10 Strategies for thriving at summer course
Tip #7: ADDRESS HOMESICKNESS
The faculty at PNB is rarely aware of any issues of homesickness during the summer course because of the extensive experience of the dorm staff. Dave Jensen, Summer Course Residence Director, will be in his 21st year of overseeing the dorm lives of PNB School students this summer! At this point, he has dealt with almost any issue that you may come across. Additionally, many of the other dorm staff have been dancers and attended summer intensive programs themselves, so they can relate to what you are going through and help you feel comfortable.
However, some tips on avoiding homesickness are…
- Let the summer residence staff know that you are missing home. Your counselors cannot read your mind and will not know that you are having a hard time unless you communicate with them.
- Limit calling home to once per day—if you are constantly on the phone with your family and friends at home, you are probably not making new friends at your summer course.
- Try to eat food that is similar to the food you eat at home. If you find the dorm food, which I remember being delicious, to be very different than your mom’s home cooking, make sure that you go to the grocery store—there’s one just two blocks from the PNB studios—and pick up a few snacks that are familiar to you.
- Again, make sure that you are getting enough sleep.
Tip #8: ADDRESS INJURIES
Make sure that you listen to your body! When you have pain, you need to be honest with yourself and prioritize long-term health over short term pressures. Is it soreness that you are able to push through and still improve? Or is it pain that continues to get worse as your dancing demands increase?
If you are having trouble knowing whether or not to continue dancing, seek outside information from your teachers, an onsite physical therapist, or a doctor, if necessary.
At PNB School’s Summer Course students are able to see physical therapist Henry Lu, who comes to the studios a couple times per week throughout the program.
If you are lucky enough to be working with a physical therapist, make sure you are doing the exercises they give you! That way you will get better faster and build the strength necessary to prevent re-injury.
Tip #9: BE KIND
Use summer course as a chance to build a positive reputation in the dance world and define who you want to be as a person.

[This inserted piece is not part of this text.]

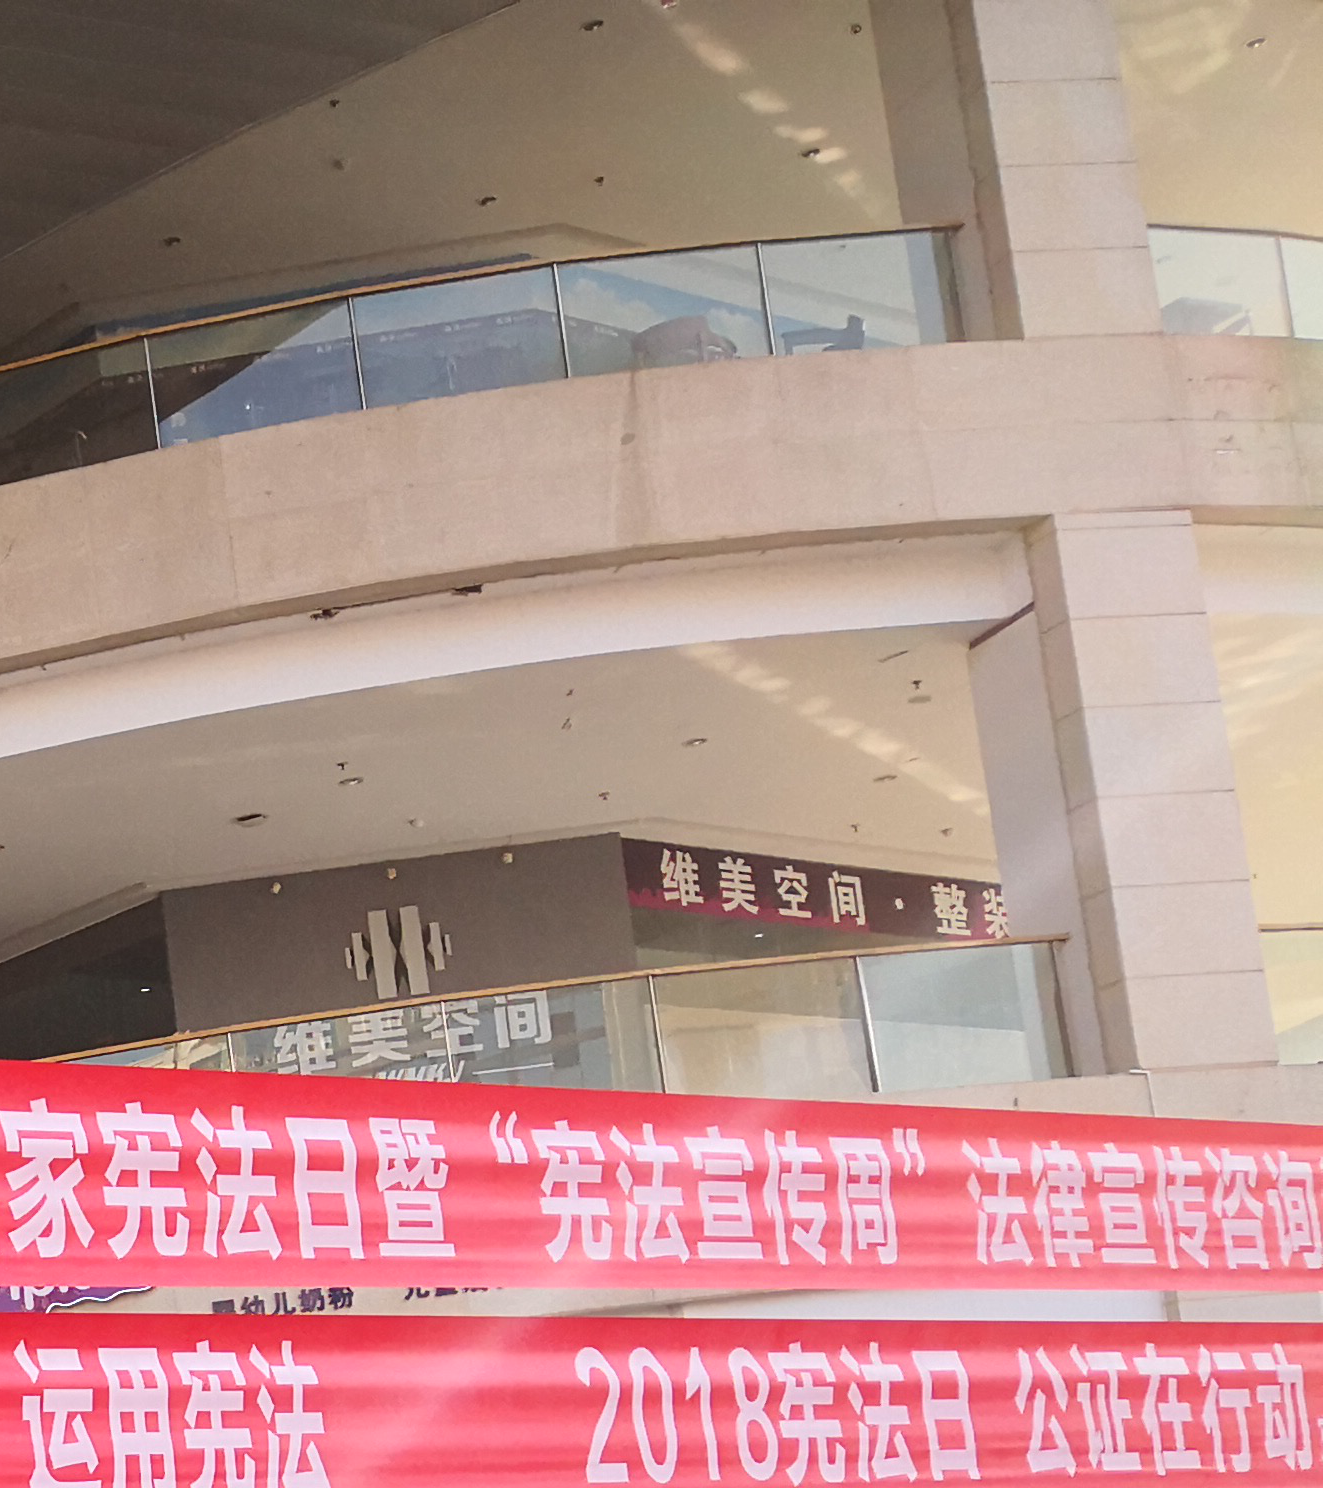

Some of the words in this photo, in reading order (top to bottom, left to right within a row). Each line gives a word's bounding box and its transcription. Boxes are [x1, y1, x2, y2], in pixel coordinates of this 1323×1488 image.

Build and expand your network of friends and dance connections. Many of the people who you will meet at summer intensives will be people who you will cross paths with for the rest of your career. For example, I know at least 5 dancers dancing in all of the major American ballet companies from summer courses. I met Misty Copeland (principal ballerina, ABT), John Lam (principal dancer, Boston Ballet), and Oliver Halkowich (soloist, Houston Ballet) at San Francisco Ballet summer program when I was 14. I met my fellow Pacific Northwest Ballet principal dancers, Jonathan Porretta, Laura Tisserand and Lucien Postlewaite at SAB summer course when I was 15. At that same summer course I also befriended Teresa Reichlen & Megan Fairchild of the New York City Ballet and Lauren Fadeley (Principal Soloist, Miami City Ballet). By practicing kindness, you guarantee that you won’t burn any bridges. More importantly, however, it gives you the best chance to foster relationships with friends that you will have for life!
- Don’t be afraid to put yourself out there!
- Other students are craving social connections just as much as you and will most likely be relieved if you break the ice. Remember, everyone at summer course has at least one thing in common—the love of dance!
- If you run across an instance of bullying, intervene and stand up for the victim or alert the school staff/faculty to the situation.
- Cell phone images & video, once taken, are there forever.
- Negative images and videos taken with the intent to hurt others are especially cruel, as well as permanently incriminating. At PNB School, the discovery of any such behavior is grounds for expulsion.
Tip #10: HAVE FUN!
This one is pretty self-explanatory, but also the most important!